Delta is the global sensitivity of R_hat over the database D.
The approximation error bounds are given in this analysis.
The absolute different between training two functions is always bounded by a product of a small constant and the number of attributes d.
The error is completely independent of the data size.
This guarantees that our approximation of the auto-encoder can be applied in large datasets.
We have a similar result with the cross-entropy error function.
We apply our deep private auto-encoder to predict human behavior in our health social network.
I will talk about overweight/obesity and introduce our YesiWell health social network.
the motivation of our SMASH project.
Then, I will introduce two interesting research topics.
Human behavior prediction with our novel Social Restricted Boltzmann Machine (SRBM).
Then, I will our privacy preserving layer to protect the privacy of human subjects during the data mining process.
Conclusions and our future works.
Our project, Semantic Mining of Activity, Social, and Health Data has been funded by NIH NIGMS since 2013 as an R01 grant.
We collect multi-dimensional data from biomarkers, social activities, and physical activities.
We then design a Health Ontology to represent the data.
We apply different techniques such as data mining, intervention approaches, and privacy preserving models to extract knowledge from our data and health ontology.
Human behavior prediction is a general problem in social network analysis.
Given the social network at a specific timestamp, each node is a user, there is an edge between 2 nodes if they are socially connected. For instance, friend connections.
Different colors are used to denote different behaviors of users.
In YesiWell social network, the blue nodes indicate that the users increase their exercise compared with the previous timestamp, the orange nodes indicate that the users decrease their exercise compared with the previous timestamp.
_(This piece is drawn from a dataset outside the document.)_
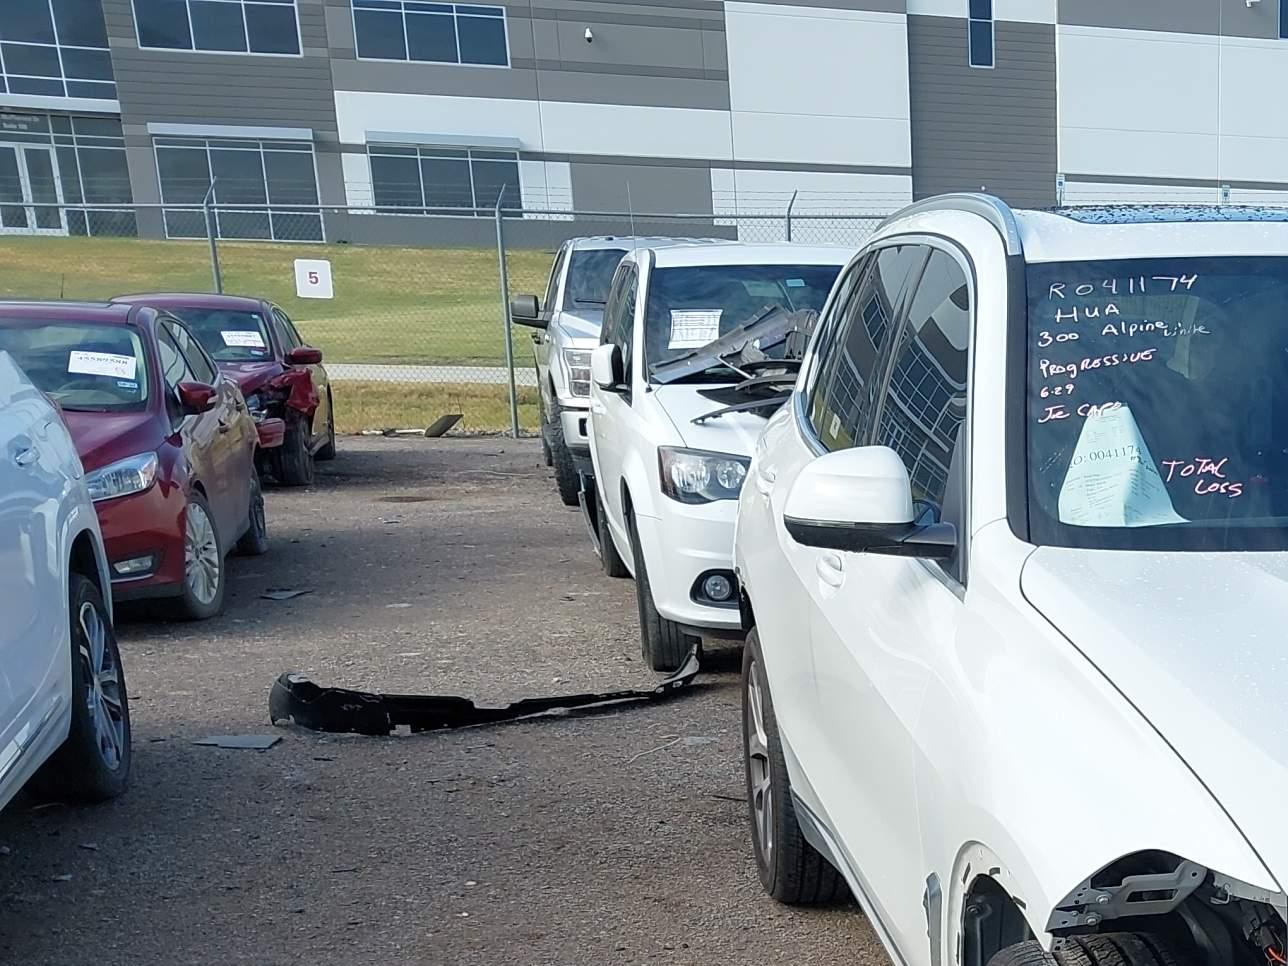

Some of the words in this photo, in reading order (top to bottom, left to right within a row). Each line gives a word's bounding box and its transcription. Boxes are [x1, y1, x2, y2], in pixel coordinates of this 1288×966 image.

Given the social network in M timestamps, we would like to predict the status of all the users in the next timestamp.
We have 254 users.
We consider 30 individual features in total including physical activities, social communications, and biomarkers.
In this study, we try to predict whether a YesiWell user will increase or decrease exercises in the next week compared with the current week.
To model human behaviors, we concatenate individual features, individual features in the past, and social correlations as input of a deep private auto-encoder.
The output is a binomial variable: “active” or “inactive” in doing exercise.
We compare our model with various competitive models, including non-enforcing differential privacy model and enforcing differential privacy model.
CRBM, SctRBM, deep auto-encoder, Truncated Deep Auto-Encoder, Functional Mechanism (FM), DPME, Filter-Priority (FP).
This Figure shows the prediction accuracy of each algorithm as a function of the dataset cardinality.
There is a gap between the prediction accuracy of dPAH and that of dA and Truncated one TdA.
But the gap gets smaller rapidly with the increase of dataset cardinality.
With very small sampling rate, the performance of the dPAH model is slightly lower than the SctRBM, which is a non-privacy-enforcing deep learning model.
However, the dPAH significantly is better than the SctRBM when the sampling rate goes just a bit higher, i.e., > 0.3.
This is a significant result, since 0.3 is a small sampling rate.
The other Figure illustrates the privacy budget epsilon and the prediction accuracy.
Our model is relatively robust against the change of epsilon.
The dPAH model is competitive even with privacy non-enforcing models.
The three most significant lessions learned are: “Online Social Network has a significant impact on physical activity,” “Social communication can propagate physical activities,” and “Good relationships make us healthier.”
We have proposed a novel Social Restricted Bolzmann Machine for human behavior prediction.
The SRBM outperforms the state-of-the-art models, and we are able to predict human behaviors, e.g., physical exercise level, up to 88.7 percent.
We have developed the first differential privacy preserving algorithm in deep learning.
In particular, deep auto-encoders. We also proved that the algorithm can work with other models such as , RBM and deep belief networks.